Un des salariés de l'usine chimique Lubrizol de Rouen a accepté de se confier pour la première fois et d'évoquer ses craintes pour sa santé.

Article rédigé par Sarah Lemoine
Radio France
Publié Mis à jour
Temps de lecture : 3min
L'incendie de l'usine Lubrizol à Rouen, le 26 septembre 2019. (ANTOINE SABBAGH / FRANCE BLEU HAUTE-NORMANDIE / RADIO FRANCE)

Réginald travaille depuis 25 ans à Lubrizol, à la production. Il fait partie des 450 salariés de l'entreprise classée Seveso de Rouen. Son travail est de superviser les mélanges de produits chimiques. Le 26 septembre, il est dans l'équipe de nuit quand l'alarme retentit et que débute l'incendie qui va détruire l'usine. Il raconte comment les salariés présents sur le site sont intervenus avec beaucoup de courage pour éloigner les produits des flammes. 

"On aurait peut être dû se protéger" : le témoignage d'un salarié de Lubrizol

"J'étais au laboratoire, se souvient-il. J'ai entendu l'alarme et je me suis dirigé vers le local incendie. Lorsque j'ai croisé mon chef de quart sur le terrain, j'ai vu qu'il avait l'air assez stressé. Je lui ai demandé ce qui se passait et il m'a dit : il y aurait le feu au A5. Le A5, c'est le bâtiment de stockage qui a brûlé. On a couru vers le bâtiment et là, on a constaté, au fond du bâtiment, qu'il y avait un départ de feu. Quand je dis un départ de feu, c'était déjà bien parti."

>> RÉCIT. De l'incendie de l'usine Lubrizol aux interrogations sur la nocivité des produits, retour sur six jours d'angoisse à Rouen

Les pompiers prévenus par une entreprise extérieure arrivent très vite sur le site. Réginald et ses collègues qui sont formés en permanence au risque incendie s'emploient alors à sécuriser le site. "On savait que le bâtiment allait brûler et qu'en fait, il fallait sécuriser autour. On a déplacé des conteneurs de produits qui étaient dangereux pour être le plus loin possible du feu. On a fait aussi un barrage avec de la sciure pour éviter que les produits coulants partent vers les unités. Tout le monde a bien réagi. Personne n'a paniqué. Ça a bien communiqué. Il y avait des opérateurs très jeunes avec moi, d'une vingtaine d'années."
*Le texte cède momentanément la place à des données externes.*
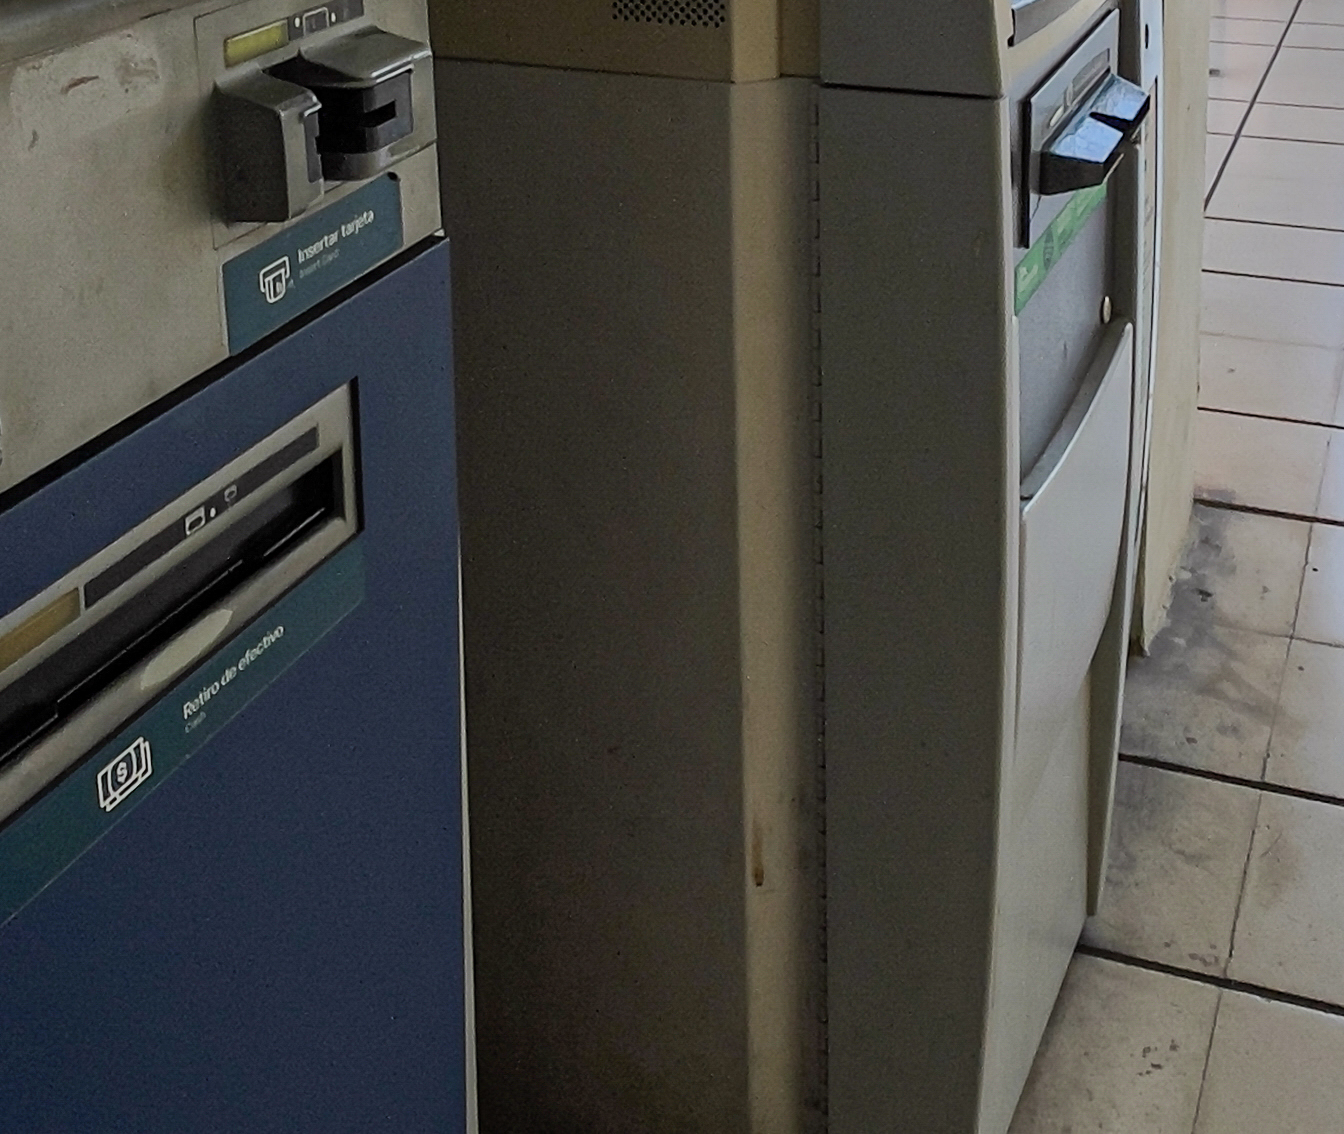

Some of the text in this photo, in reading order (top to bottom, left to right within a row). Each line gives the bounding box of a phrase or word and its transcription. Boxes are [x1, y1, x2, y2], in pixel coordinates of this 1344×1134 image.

[298, 210, 374, 263] Insertar tarjeta
[183, 626, 284, 720] Retiro de efectivo
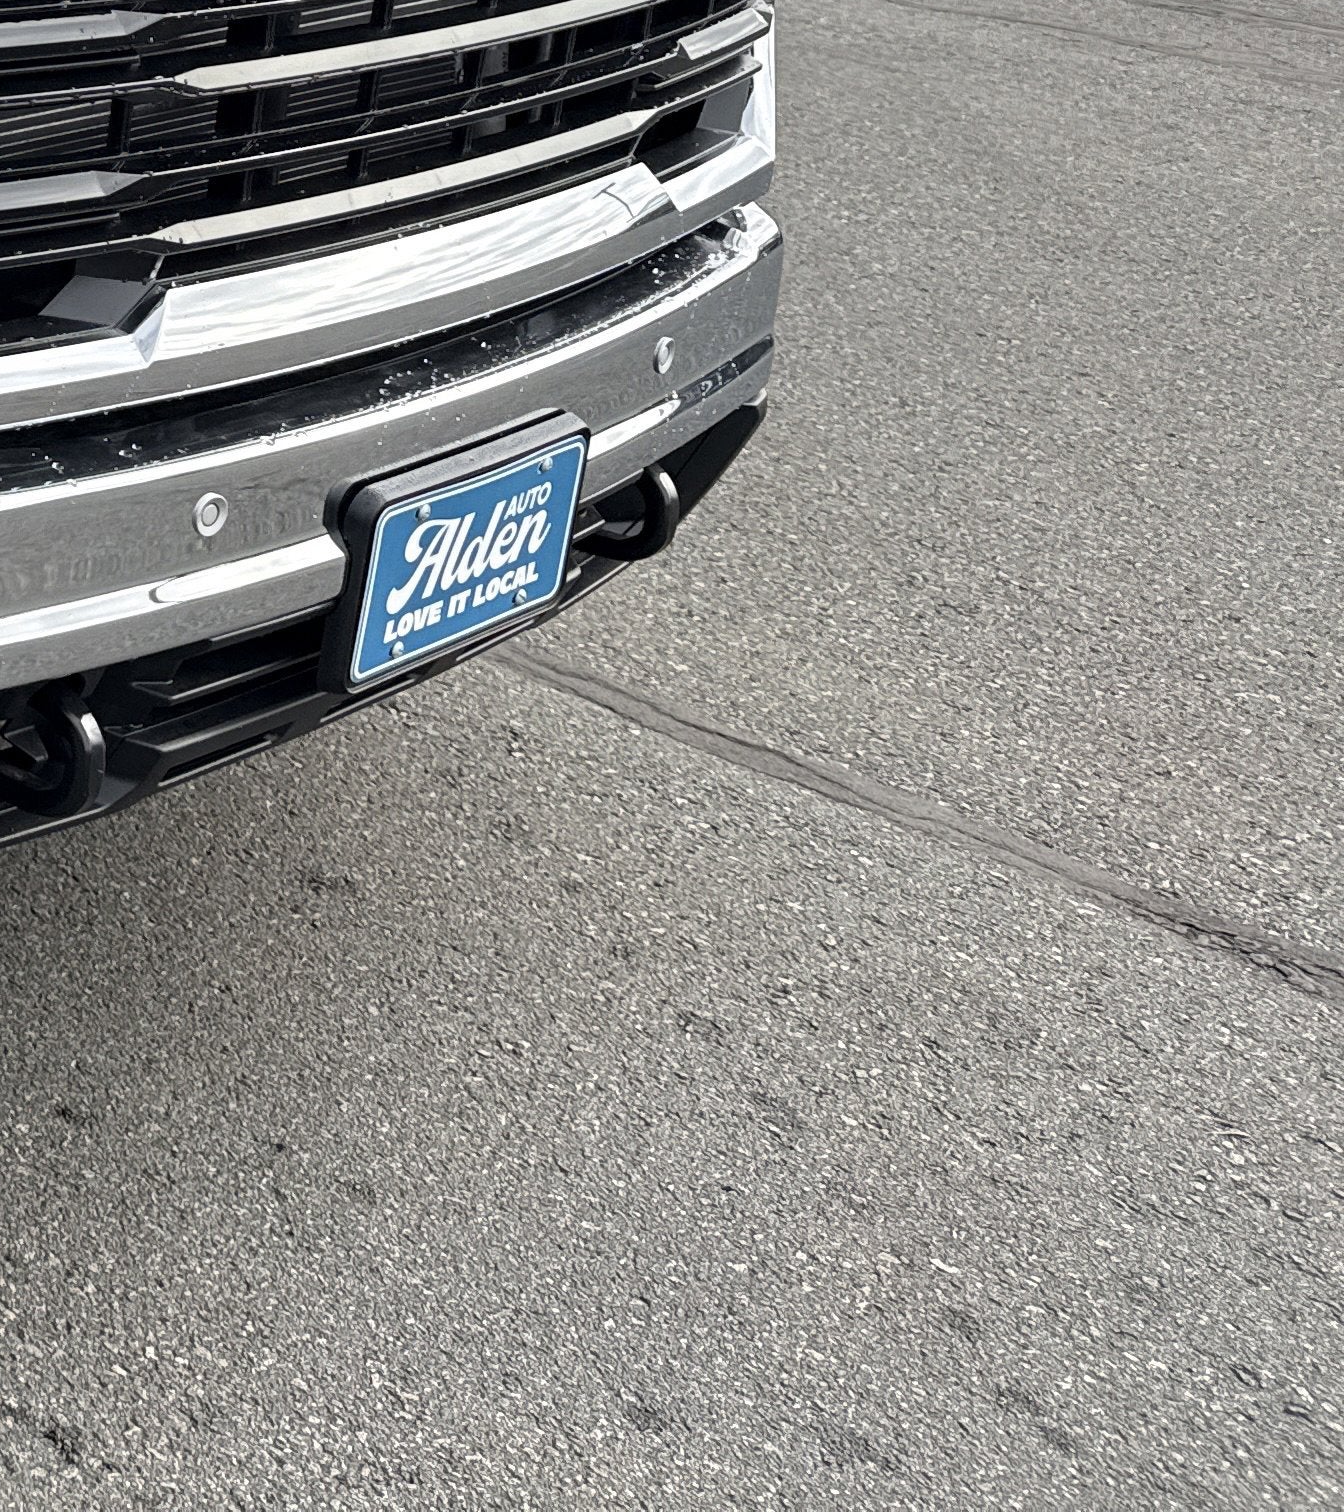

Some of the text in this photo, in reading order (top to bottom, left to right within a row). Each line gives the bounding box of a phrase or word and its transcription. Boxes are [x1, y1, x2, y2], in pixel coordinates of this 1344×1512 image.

[504, 482, 552, 520] AUTO
[386, 500, 552, 615] Alden
[383, 562, 539, 644] LOVE IT LOCAL
Le feu était vraiment impressionnant. C'est assez curieux mais en fait avec l'adrénaline on se rend pas vraiment compte. C'est plus après, en fait.

Réginald

à franceinfo

Le gigantesque incendie a détruit  5 253 tonnes de produits chimiques. L'incendie a aussi touché trois entrepôts de son voisin Normandie Logistique qui stockait plus de 9 000 tonnes de produits sur son site. Mais on ne sait pas encore quels produits ont brûlé, ni leur quantité. 
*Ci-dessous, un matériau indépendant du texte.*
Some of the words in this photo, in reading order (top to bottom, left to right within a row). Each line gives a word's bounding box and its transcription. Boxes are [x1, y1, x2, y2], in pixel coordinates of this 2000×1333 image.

Au-delà des interrogations sur l'avenir de l'usine, Réginald s'inquiète aussi pour sa santé. Car la nuit de l'incendie, il n'a pas eu le temps de mettre une tenue de protection. "On a voulu agir le plus vite possible et on n'a pas tellement pensé à notre santé. On avait la bouche qui piquait, on avait les bronches un peu prises. On aurait dû mettre l'appareil respiratoire, mais là, c'est vraiment compliqué à manier. On aurait dû mettre, au moins après, des masques pour les poussières. On savait très bien que dans le toit, il y avait de l'amiante, enfin tout ça.... C'est vrai qu'on aurait peut être dû se protéger mais on n'y pensait pas. On a fait une prise de sang et aussi un test urinaire pour avoir le contrôle du foie, des reins. On attend les résultats."

Les syndicats de Lubrizol ont décidé de faire appel à un expert indépendant pour évaluer la santé des salariés et des sous traitants en toute transparence.